◆ EXTRACTED INFORMATION ◆
☆ ☆ ☆

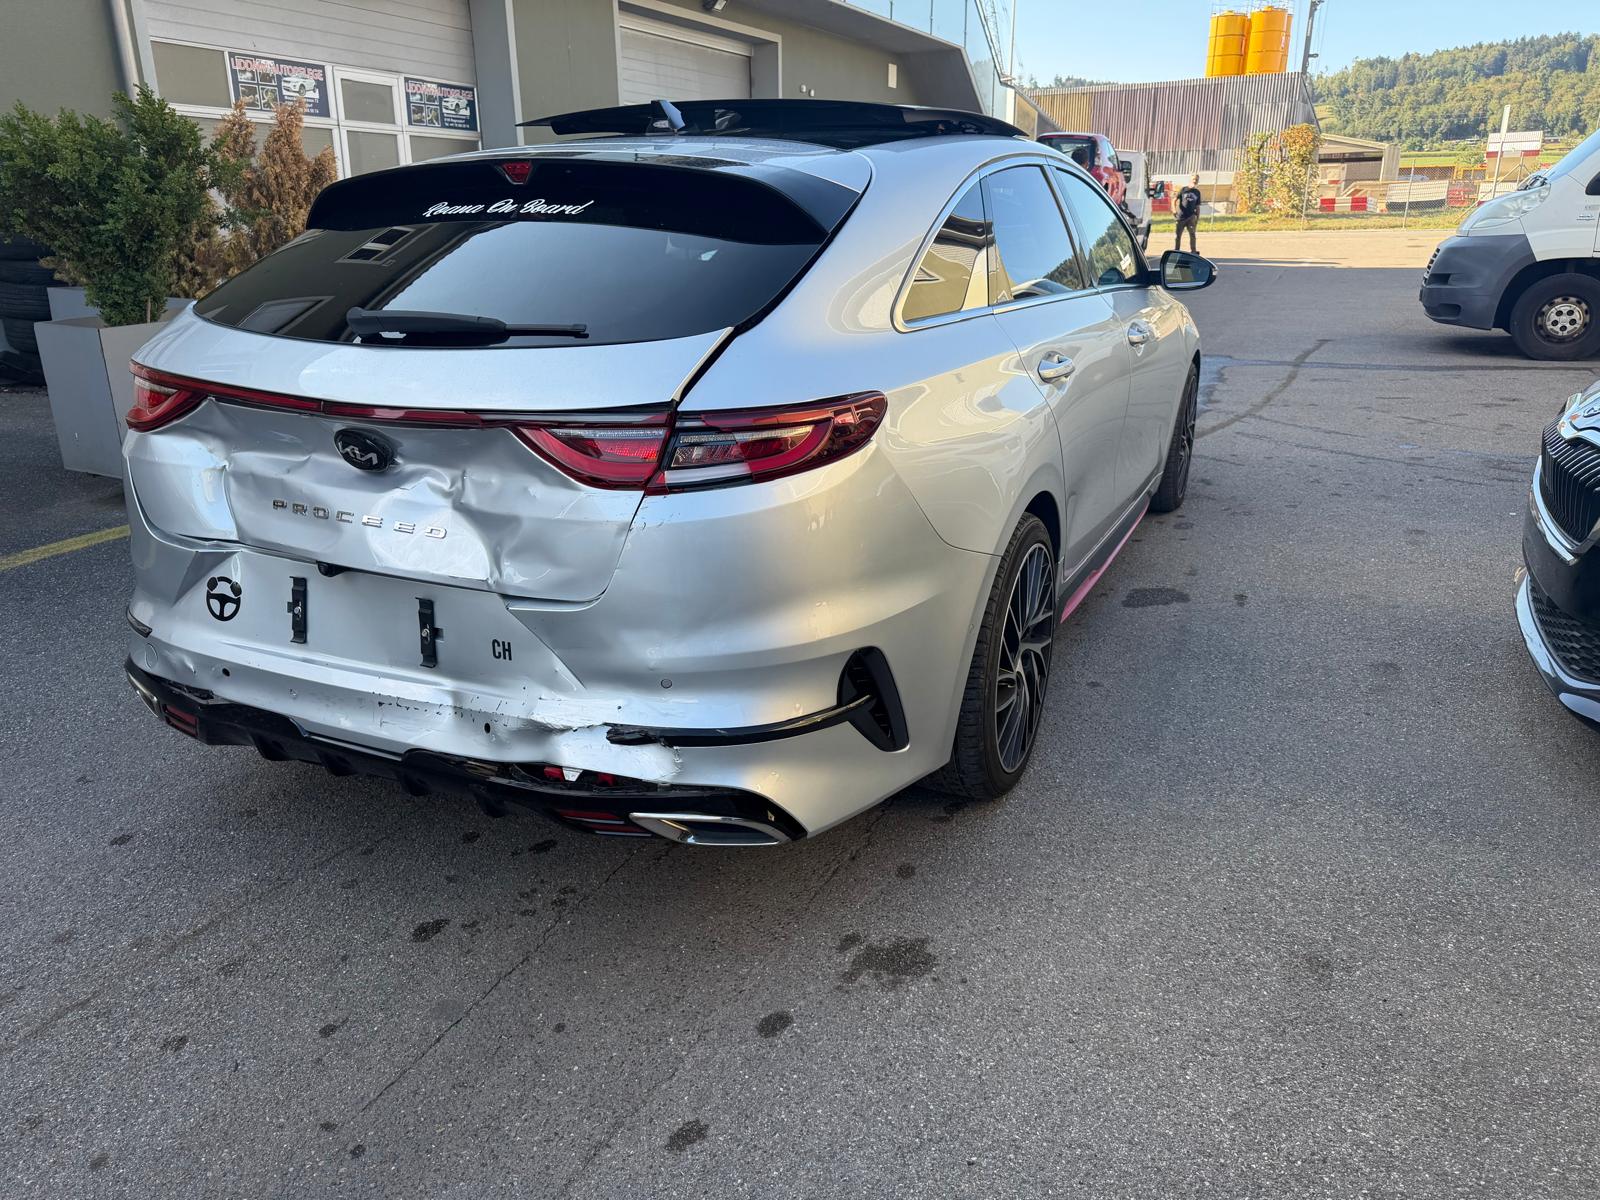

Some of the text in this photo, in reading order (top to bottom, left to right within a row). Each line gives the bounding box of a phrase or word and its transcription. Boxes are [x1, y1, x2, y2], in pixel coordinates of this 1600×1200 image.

[487, 199, 518, 213] On
[520, 199, 594, 214] Board
[273, 499, 448, 540] PROCEED
[492, 639, 512, 661] CH
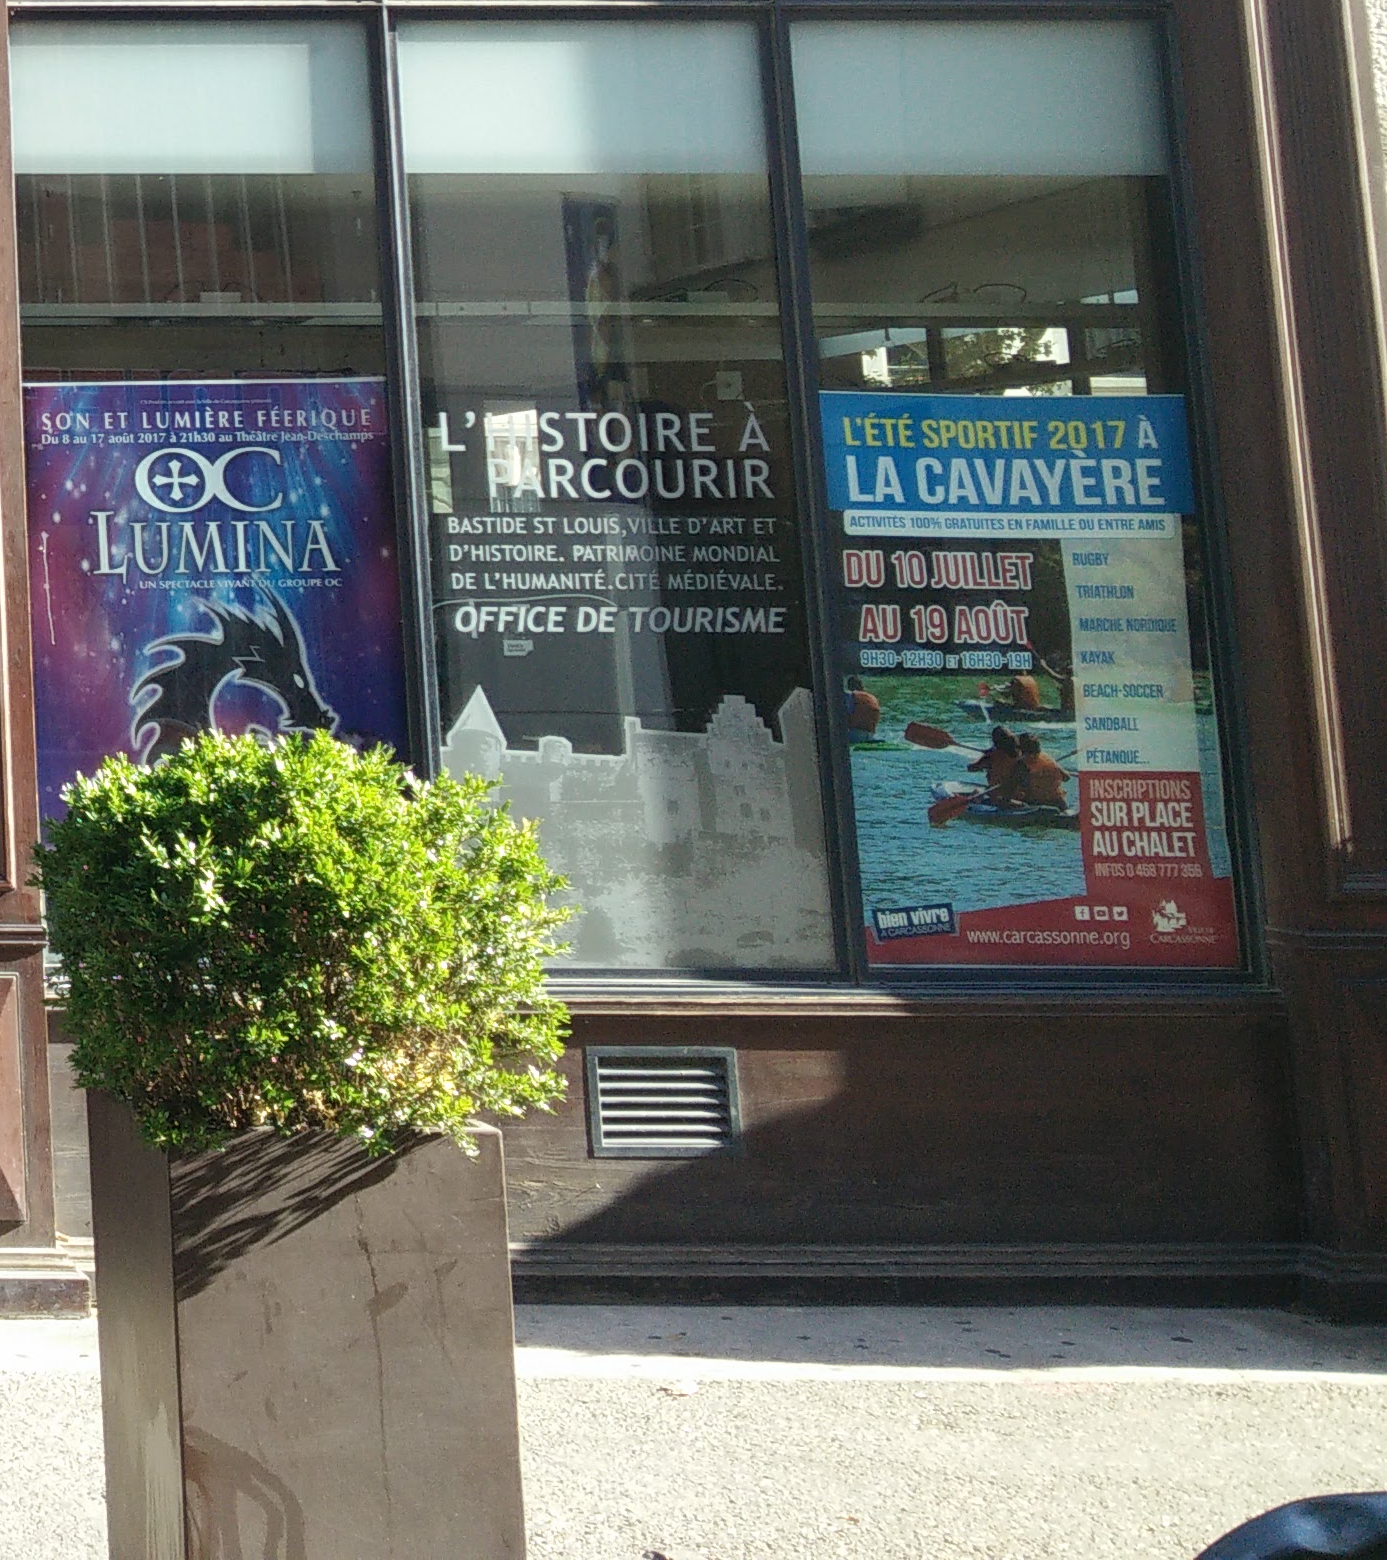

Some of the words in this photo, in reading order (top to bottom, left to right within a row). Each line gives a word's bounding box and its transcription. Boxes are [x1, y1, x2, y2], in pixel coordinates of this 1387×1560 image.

[41, 411, 89, 431] SON
[104, 411, 128, 429] ET
[142, 405, 244, 429] LUMIÈRE
[258, 404, 372, 430] FÉERIQUE
[739, 402, 771, 452] À
[41, 433, 59, 445] Du
[62, 433, 70, 444] 8
[72, 435, 88, 444] au
[91, 433, 105, 444] 17
[107, 432, 135, 444] août
[136, 432, 167, 444] 2017
[170, 432, 178, 443] à
[180, 431, 216, 443] 21h30
[219, 433, 233, 443] au
[235, 431, 278, 443] Théâtre
[280, 431, 374, 444] Jean-Deschamps
[843, 412, 916, 449] L'ÉTÉ
[922, 419, 1038, 450] SPORTIF
[1047, 420, 1125, 450] 2017
[1137, 414, 1159, 450] À
[135, 446, 283, 513] OC
[488, 457, 775, 500] PARCOURIR
[845, 455, 906, 503] LA
[916, 449, 1165, 506] CAVAYÈRE
[447, 517, 527, 535] BASTIDE
[533, 517, 556, 534] ST
[688, 517, 746, 535] D'ART
[753, 517, 776, 534] ET
[849, 513, 906, 529] ACTIVITÉS
[910, 516, 942, 530] 100%
[944, 516, 1005, 531] GRATUITES
[1007, 518, 1023, 531] EN
[1026, 518, 1077, 531] FAMILLE
[1079, 518, 1095, 531] OU
[1097, 518, 1136, 532] ENTRE
[1137, 519, 1166, 532] AMIS
[90, 510, 342, 584] LUMINA
[449, 544, 565, 563] D'HISTOIRE.
[572, 544, 687, 563] PATRIMOINE
[692, 544, 781, 563] MONDIAL
[1072, 552, 1109, 567] RUGBY
[451, 572, 477, 590] DE
[615, 568, 661, 590] CITÉ
[668, 567, 785, 591] MÉDIÉVALE.
[843, 550, 885, 588] DU
[891, 551, 927, 588] 10
[931, 552, 1033, 590] JUILLET
[139, 578, 157, 589] UN
[159, 578, 216, 590] SPECTACLE
[217, 578, 258, 589] VIVANT
[259, 578, 276, 589] DU
[278, 578, 323, 588] GROUPE
[325, 577, 343, 588] OC
[1076, 585, 1134, 600] TRIATHLON
[454, 604, 566, 634] OFFICE
[578, 606, 617, 633] DE
[629, 606, 787, 634] TOURISME
[859, 604, 902, 643] AU
[910, 604, 949, 644] 19
[955, 599, 1029, 645] AOÛT
[1079, 618, 1124, 633] MARCHE
[1126, 618, 1178, 633] NORDIQUE
[859, 650, 944, 669] 9H30-12H30
[946, 655, 959, 668] ET
[960, 651, 1033, 670] 16H30-19H
[1080, 651, 1116, 665] KAYAK
[1082, 683, 1164, 699] BEACH-SOCCER
[1084, 717, 1140, 732] SANDBALL
[1089, 779, 1192, 800] INSCRIPTIONS
[1091, 802, 1129, 827] SUR
[1131, 802, 1194, 828] PLACE
[1092, 832, 1119, 857] AU
[1122, 831, 1197, 858] CHALET
[1095, 863, 1125, 877] INFOS
[877, 909, 910, 929] bien
[912, 905, 950, 927] vivre
[890, 923, 952, 937] CARCASSONNE
[967, 929, 1130, 949] www.carcassonne.org

☆ ☆ ☆

◆ TASK ITEM ◆
All entries above should be returned exactly, apart from their pictures.

◆ RESPONSE TO THIS EXERCISE ◆
Some of the text in this photo, in reading order (top to bottom, left to right within a row). Each line gives the bounding box of a phrase or word and its transcription. Boxes are [x1, y1, x2, y2], in pixel coordinates of this 1600×1200 image.

[487, 199, 518, 213] On
[520, 199, 594, 214] Board
[273, 499, 448, 540] PROCEED
[492, 639, 512, 661] CH

Some of the words in this photo, in reading order (top to bottom, left to right within a row). Each line gives a word's bounding box and its transcription. Boxes are [x1, y1, x2, y2], in pixel coordinates of this 1387×1560 image.

[41, 411, 89, 431] SON
[104, 411, 128, 429] ET
[142, 405, 244, 429] LUMIÈRE
[258, 404, 372, 430] FÉERIQUE
[739, 402, 771, 452] À
[41, 433, 59, 445] Du
[62, 433, 70, 444] 8
[72, 435, 88, 444] au
[91, 433, 105, 444] 17
[107, 432, 135, 444] août
[136, 432, 167, 444] 2017
[170, 432, 178, 443] à
[180, 431, 216, 443] 21h30
[219, 433, 233, 443] au
[235, 431, 278, 443] Théâtre
[280, 431, 374, 444] Jean-Deschamps
[843, 412, 916, 449] L'ÉTÉ
[922, 419, 1038, 450] SPORTIF
[1047, 420, 1125, 450] 2017
[1137, 414, 1159, 450] À
[135, 446, 283, 513] OC
[488, 457, 775, 500] PARCOURIR
[845, 455, 906, 503] LA
[916, 449, 1165, 506] CAVAYÈRE
[447, 517, 527, 535] BASTIDE
[533, 517, 556, 534] ST
[688, 517, 746, 535] D'ART
[753, 517, 776, 534] ET
[849, 513, 906, 529] ACTIVITÉS
[910, 516, 942, 530] 100%
[944, 516, 1005, 531] GRATUITES
[1007, 518, 1023, 531] EN
[1026, 518, 1077, 531] FAMILLE
[1079, 518, 1095, 531] OU
[1097, 518, 1136, 532] ENTRE
[1137, 519, 1166, 532] AMIS
[90, 510, 342, 584] LUMINA
[449, 544, 565, 563] D'HISTOIRE.
[572, 544, 687, 563] PATRIMOINE
[692, 544, 781, 563] MONDIAL
[1072, 552, 1109, 567] RUGBY
[451, 572, 477, 590] DE
[615, 568, 661, 590] CITÉ
[668, 567, 785, 591] MÉDIÉVALE.
[843, 550, 885, 588] DU
[891, 551, 927, 588] 10
[931, 552, 1033, 590] JUILLET
[139, 578, 157, 589] UN
[159, 578, 216, 590] SPECTACLE
[217, 578, 258, 589] VIVANT
[259, 578, 276, 589] DU
[278, 578, 323, 588] GROUPE
[325, 577, 343, 588] OC
[1076, 585, 1134, 600] TRIATHLON
[454, 604, 566, 634] OFFICE
[578, 606, 617, 633] DE
[629, 606, 787, 634] TOURISME
[859, 604, 902, 643] AU
[910, 604, 949, 644] 19
[955, 599, 1029, 645] AOÛT
[1079, 618, 1124, 633] MARCHE
[1126, 618, 1178, 633] NORDIQUE
[859, 650, 944, 669] 9H30-12H30
[946, 655, 959, 668] ET
[960, 651, 1033, 670] 16H30-19H
[1080, 651, 1116, 665] KAYAK
[1082, 683, 1164, 699] BEACH-SOCCER
[1084, 717, 1140, 732] SANDBALL
[1089, 779, 1192, 800] INSCRIPTIONS
[1091, 802, 1129, 827] SUR
[1131, 802, 1194, 828] PLACE
[1092, 832, 1119, 857] AU
[1122, 831, 1197, 858] CHALET
[1095, 863, 1125, 877] INFOS
[877, 909, 910, 929] bien
[912, 905, 950, 927] vivre
[890, 923, 952, 937] CARCASSONNE
[967, 929, 1130, 949] www.carcassonne.org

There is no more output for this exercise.